Length from centroid to midpoint on a median:\nIn triangle PQR, centroid C. Given PQ = 30 cm, QR = 36 cm, PR = 50 cm. If D is the midpoint of QR, find the exact length (in cm) of CD.

Difficulty: Medium

Correct Answer: (4√86)/3

Explanation:


Introduction / Context:
The centroid divides each median in a 2:1 ratio measured from the vertex to the midpoint.

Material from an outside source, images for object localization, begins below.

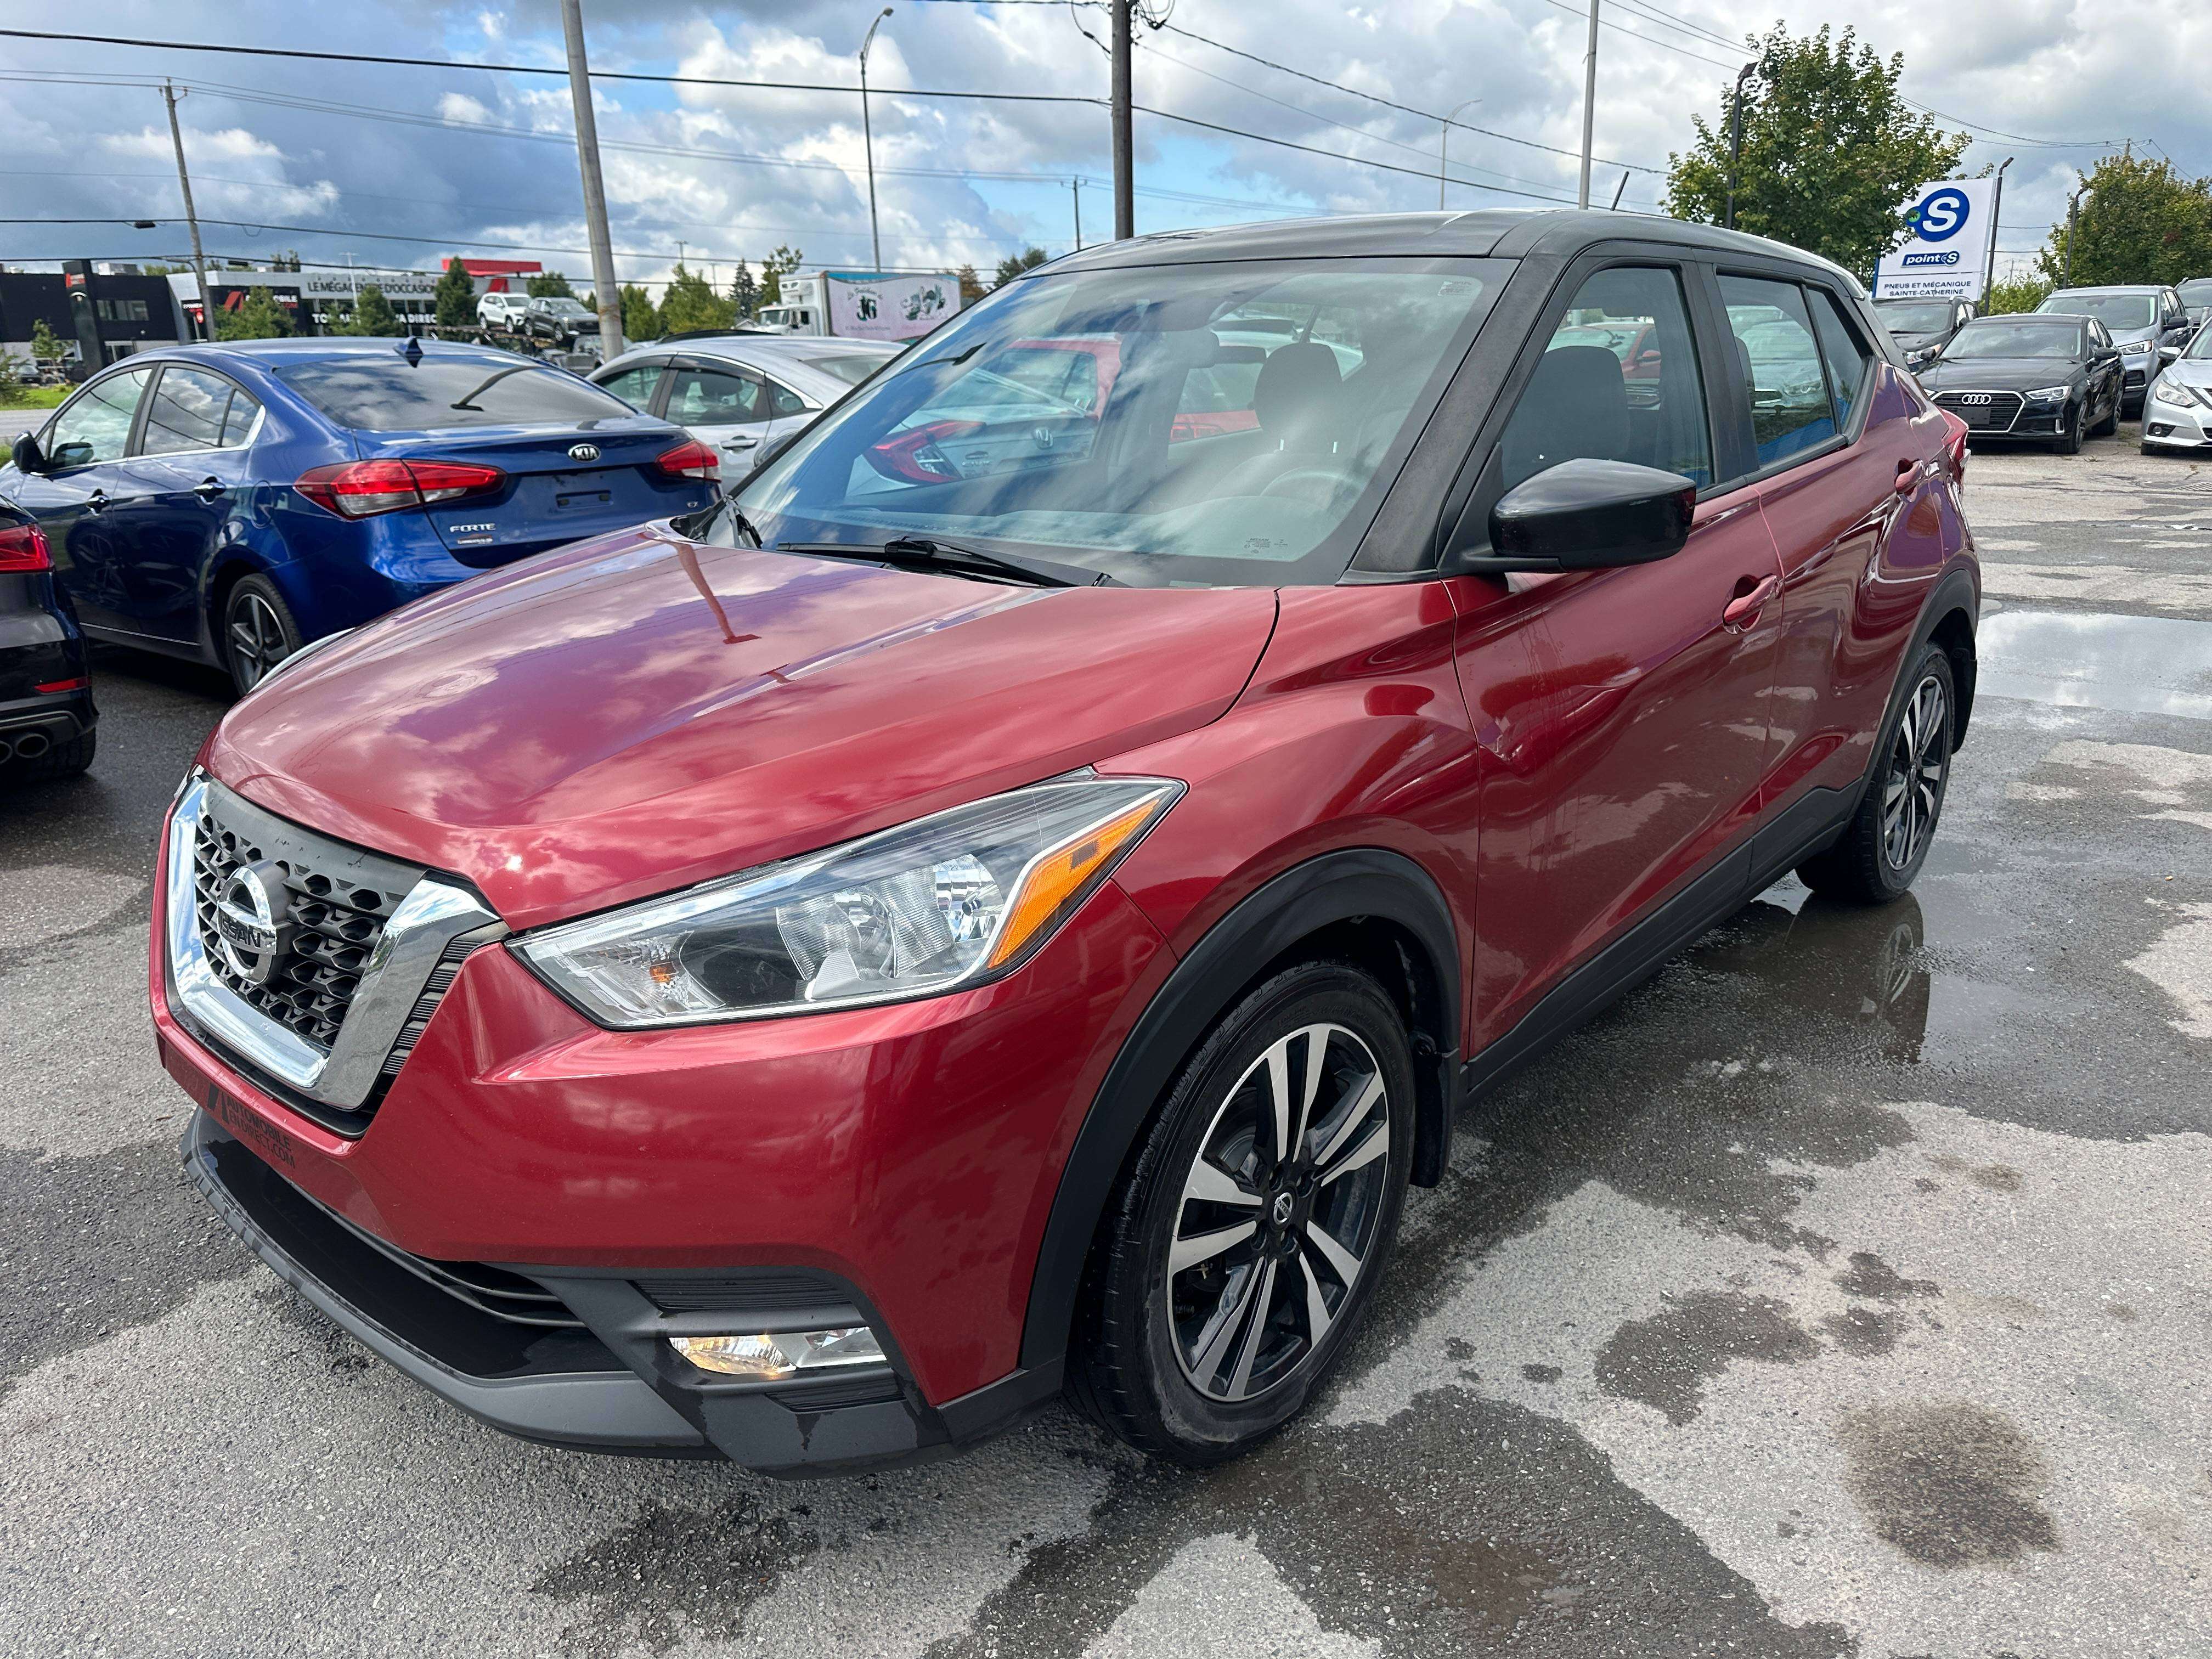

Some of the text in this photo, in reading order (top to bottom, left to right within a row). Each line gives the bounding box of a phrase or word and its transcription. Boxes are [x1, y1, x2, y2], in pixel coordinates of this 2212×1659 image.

[1922, 196, 1960, 232] S
[1906, 255, 1940, 265] point
[307, 282, 319, 292] LE
[1922, 280, 1971, 289] MÉCANIQUE
[1889, 289, 1964, 297] SAINTE-CATHERINE
[574, 447, 598, 460] KIA
[449, 523, 496, 533] FORTE
[227, 1096, 291, 1152] AUTOMOBILE
[241, 1121, 295, 1169] DIRECT.COM

We first compute the full median length using the formula for a median in terms of side lengths, then take one-third of that to get CD.


Given Data / Assumptions:

  • PQ = 30 cm, QR = 36 cm, PR = 50 cm.
  • D is the midpoint of QR.
  • Median from P to D has length m_p with m_p^2 = (2PQ^2 + 2PR^2 − QR^2)/4.
  • CD = (1/3) * m_p (since centroid divides median in ratio 2:1).


Concept / Approach:
Compute the median length algebraically and scale by 1/3 to obtain the centroid-to-midpoint segment.


Step-by-Step Solution:

m_p^2 = (2*30^2 + 2*50^2 − 36^2)/4 = (1800 + 5000 − 1296)/4 = 5504/4 = 1376.m_p = √1376 = √(16*86) = 4√86.CD = (1/3) * m_p = (4√86)/3.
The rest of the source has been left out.